#### Task
Copy each line of the listing below exactly and drop the images.

#### Supplied material
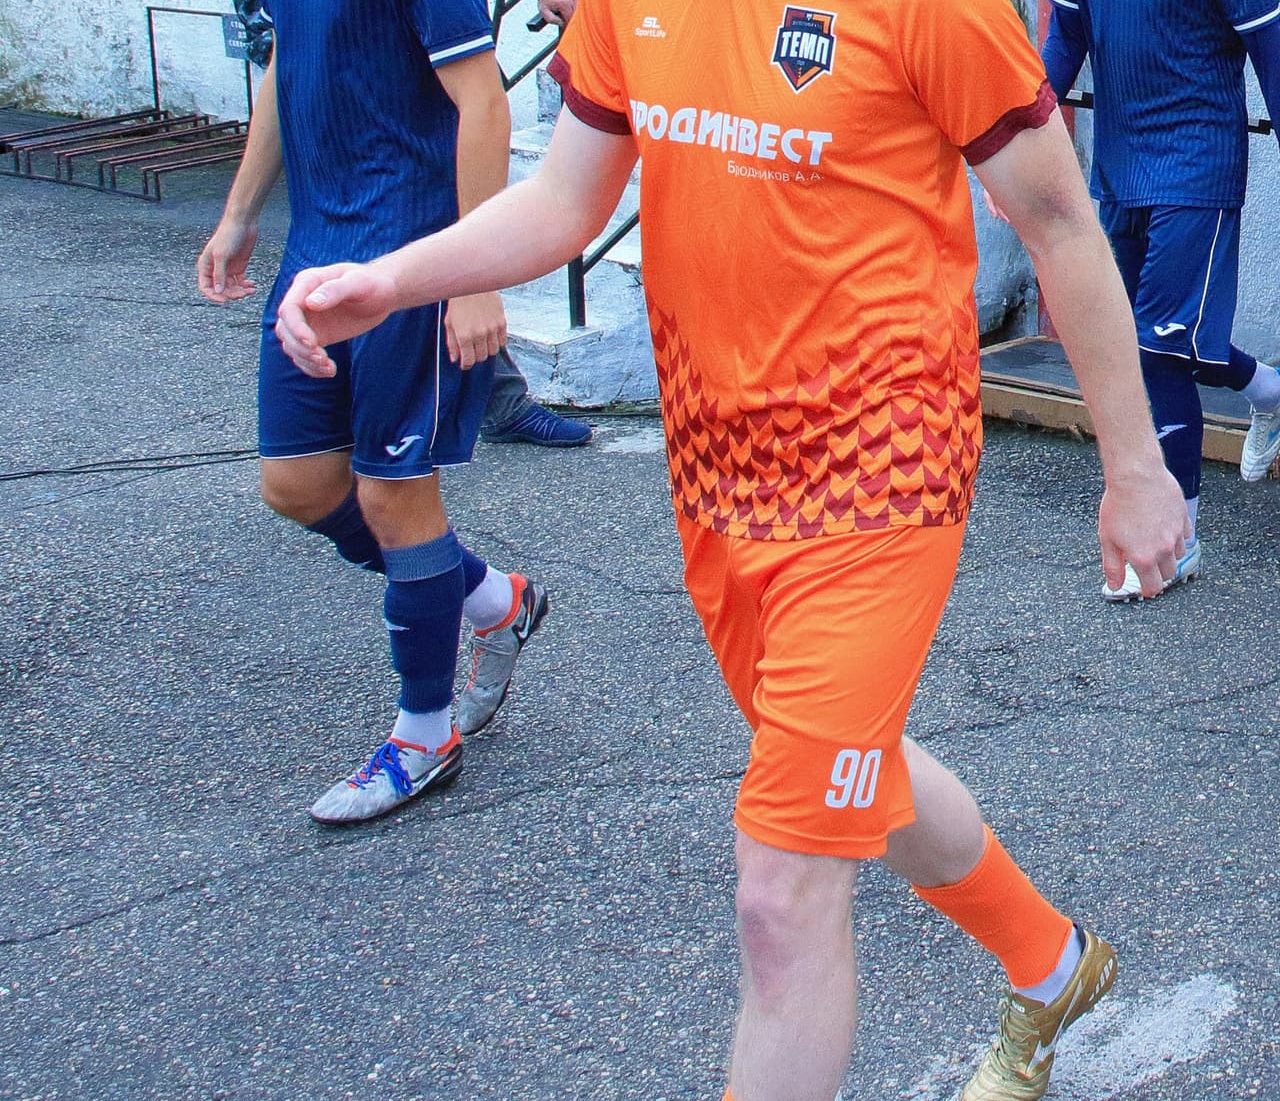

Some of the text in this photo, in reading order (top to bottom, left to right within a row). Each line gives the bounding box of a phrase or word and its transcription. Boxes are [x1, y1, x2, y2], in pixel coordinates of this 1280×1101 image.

[780, 31, 830, 65] ТЕМП
[727, 160, 790, 182] Бродников
[824, 748, 882, 809] 90
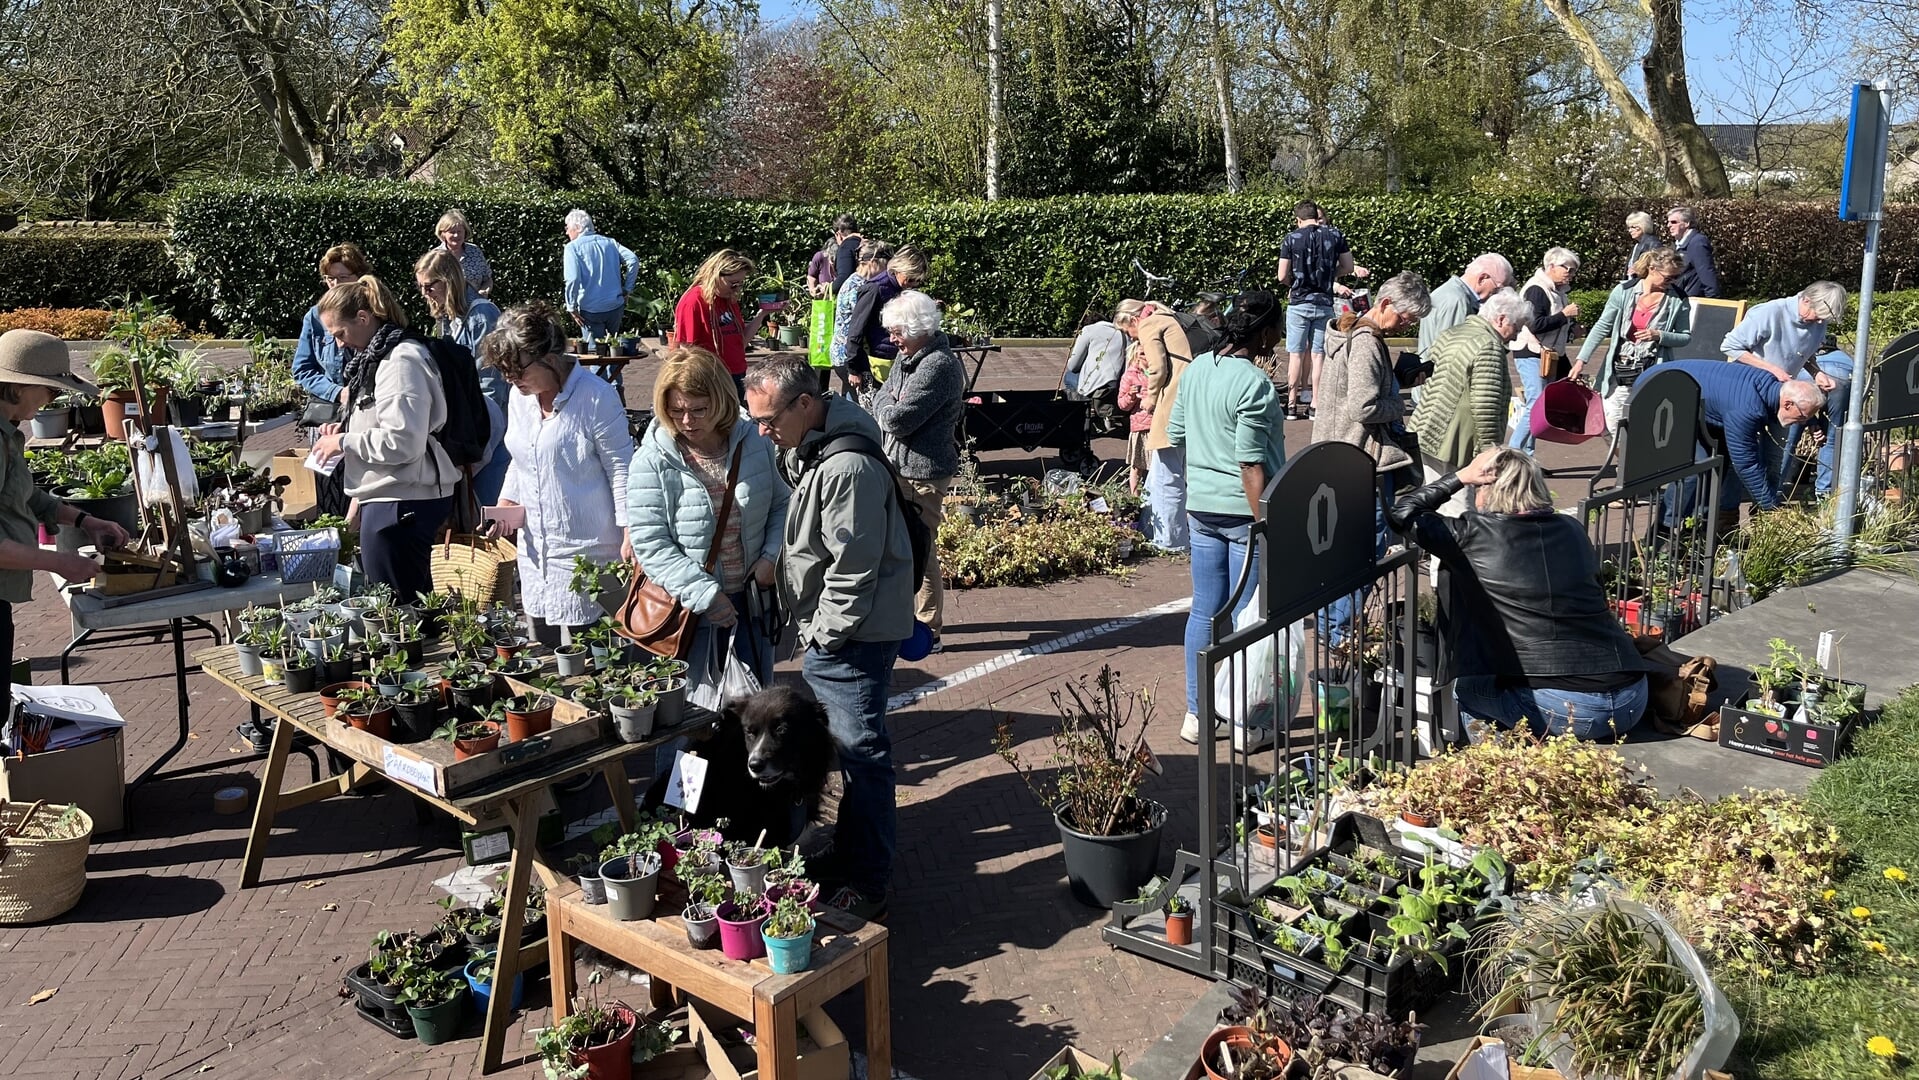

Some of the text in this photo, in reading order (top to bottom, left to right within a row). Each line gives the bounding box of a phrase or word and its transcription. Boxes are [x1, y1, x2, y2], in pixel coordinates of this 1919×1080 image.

[817, 312, 826, 344] PLUS
[1728, 739, 1744, 748] Happy
[1754, 745, 1775, 755] Healthy
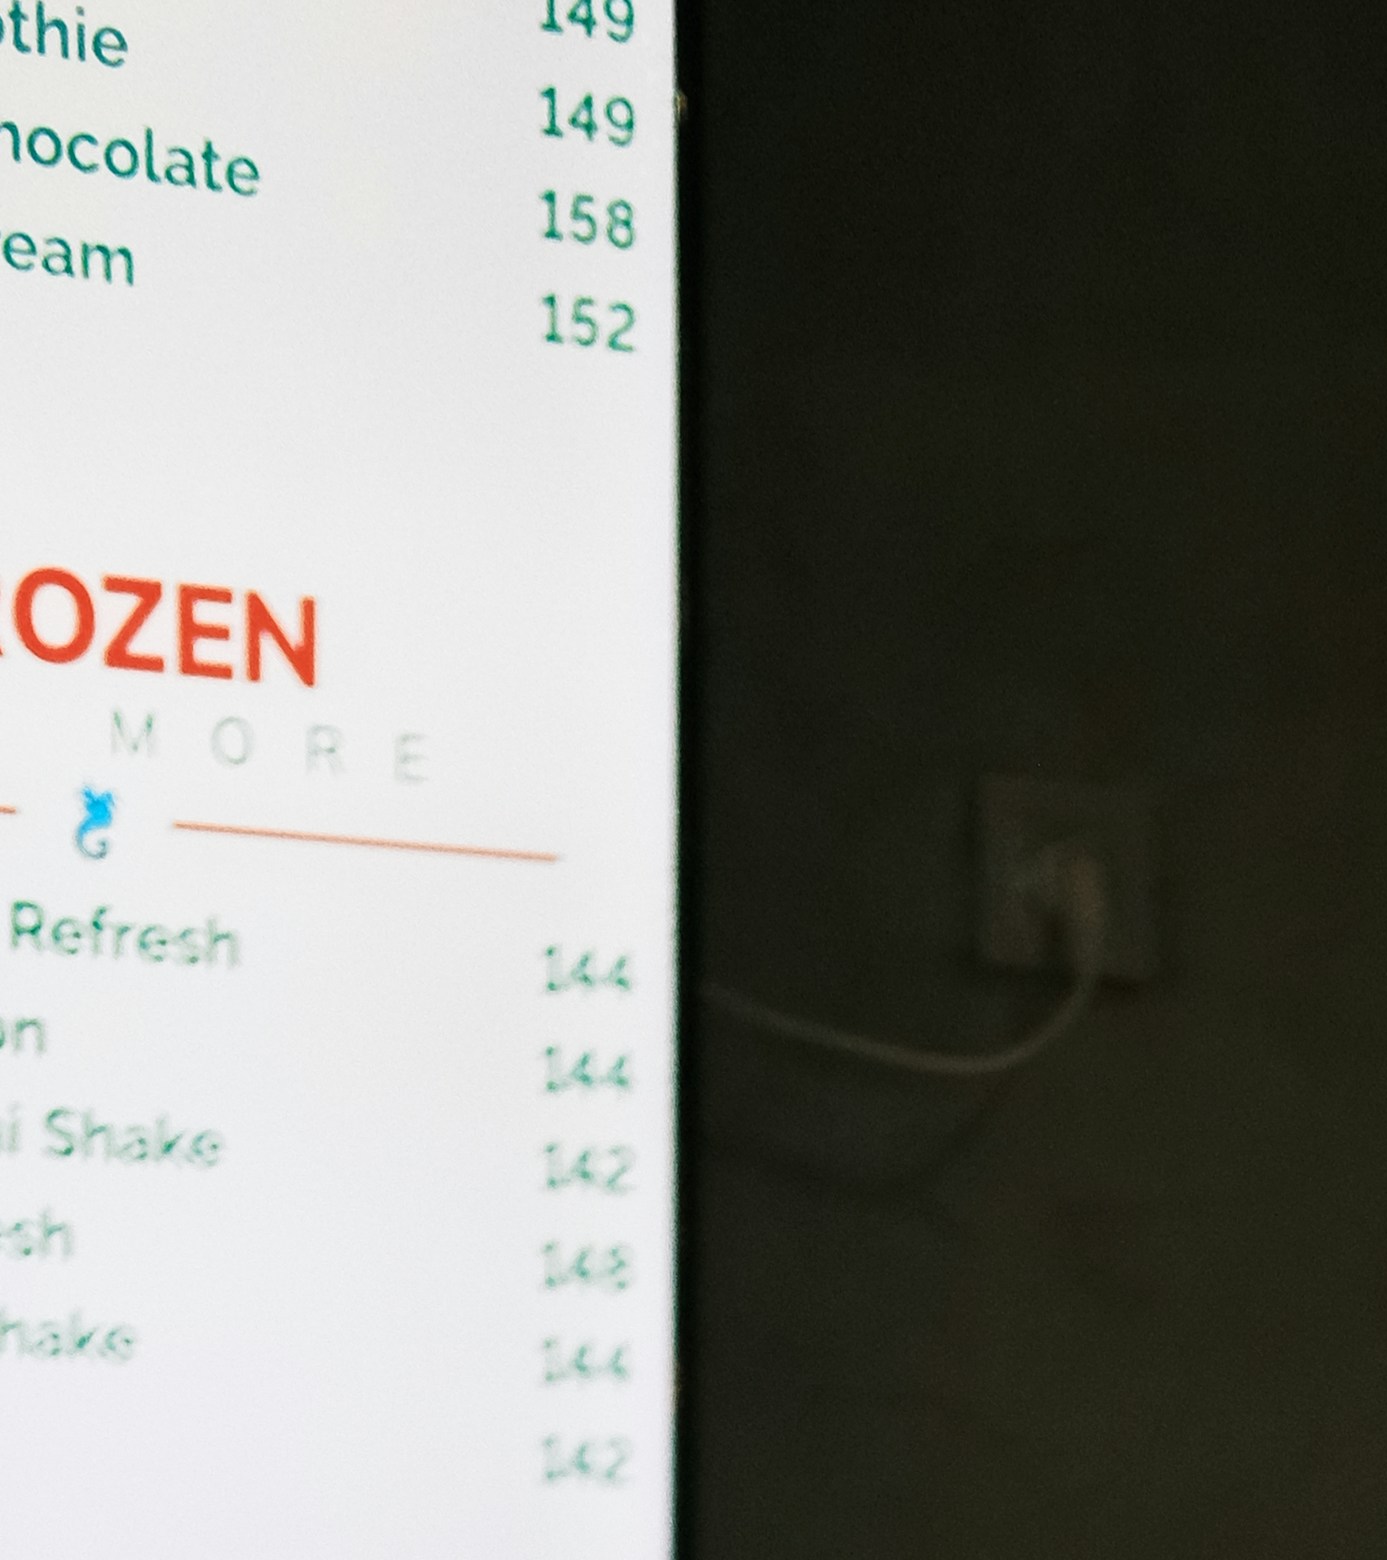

#### Answer space
Some of the text in this photo, in reading order (top to bottom, left to right within a row). Each line gives the bounding box of a phrase or word and its transcription. Boxes are [x1, y1, x2, y2], in pixel coordinates of this 1280×1101 image.

[780, 31, 830, 65] ТЕМП
[727, 160, 790, 182] Бродников
[824, 748, 882, 809] 90

Some of the text in this photo, in reading order (top to bottom, left to right within a row). Each line gives the bounding box of a phrase or word and its transcription. Boxes are [x1, y1, x2, y2], in pixel coordinates of this 1919×1080 image.

[817, 312, 826, 344] PLUS
[1728, 739, 1744, 748] Happy
[1754, 745, 1775, 755] Healthy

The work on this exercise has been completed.